### AIM OF THE TASK
Could you give the data that follows again exactly, without its pictures?

[Dataset items]
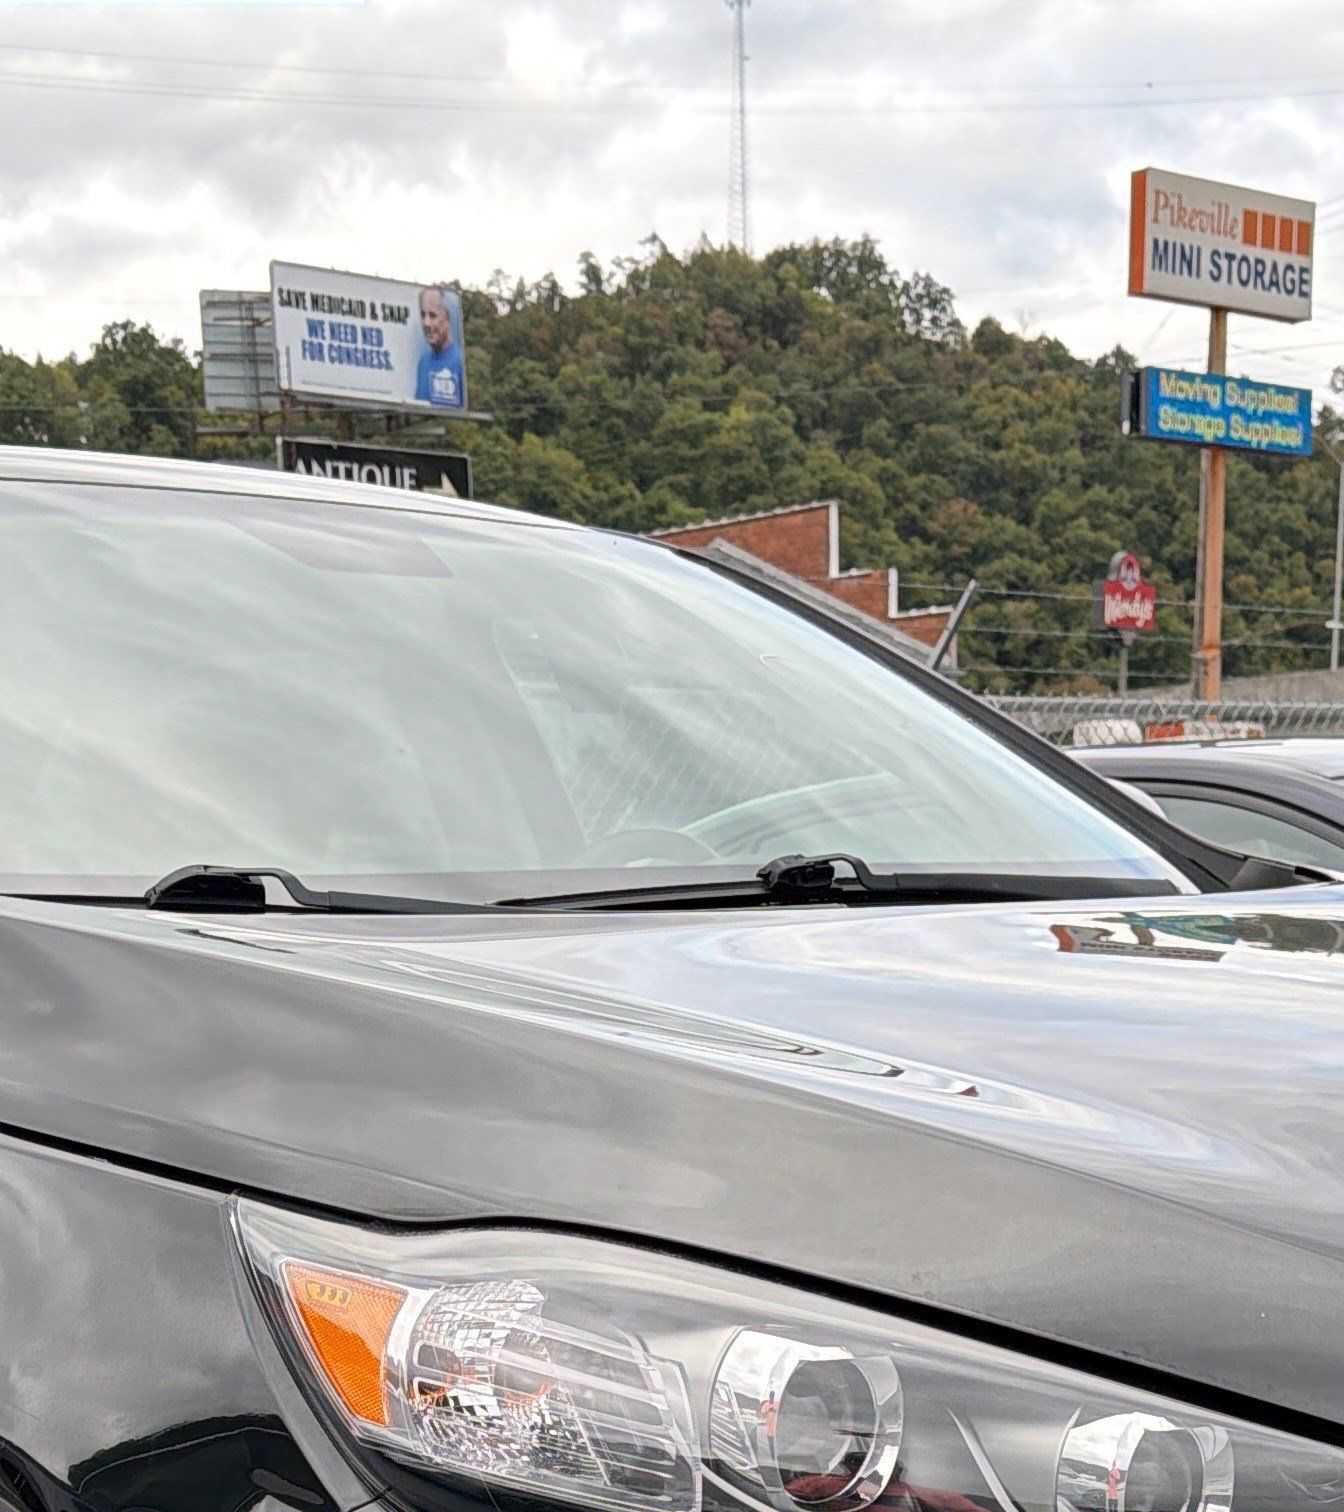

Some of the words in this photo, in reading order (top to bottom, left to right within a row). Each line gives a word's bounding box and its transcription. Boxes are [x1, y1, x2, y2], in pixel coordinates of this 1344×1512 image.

[1152, 189, 1239, 239] Pikeville
[1151, 236, 1202, 280] MINI
[1208, 248, 1311, 298] STORAGE
[277, 286, 308, 311] SAVE
[310, 292, 367, 319] MEDICAID
[369, 301, 379, 321] &
[380, 303, 410, 325] SNAP
[301, 338, 326, 362] FOR
[307, 318, 327, 341] WE
[328, 320, 358, 344] NEED
[1159, 371, 1222, 410] Moving
[1158, 403, 1227, 442] Storage

### WRITTEN RESPONSE
Some of the words in this photo, in reading order (top to bottom, left to right within a row). Each line gives a word's bounding box and its transcription. Boxes are [x1, y1, x2, y2], in pixel coordinates of this 1344×1512 image.

[1152, 189, 1239, 239] Pikeville
[1151, 236, 1202, 280] MINI
[1208, 248, 1311, 298] STORAGE
[277, 286, 308, 311] SAVE
[310, 292, 367, 319] MEDICAID
[369, 301, 379, 321] &
[380, 303, 410, 325] SNAP
[301, 338, 326, 362] FOR
[307, 318, 327, 341] WE
[328, 320, 358, 344] NEED
[1159, 371, 1222, 410] Moving
[1158, 403, 1227, 442] Storage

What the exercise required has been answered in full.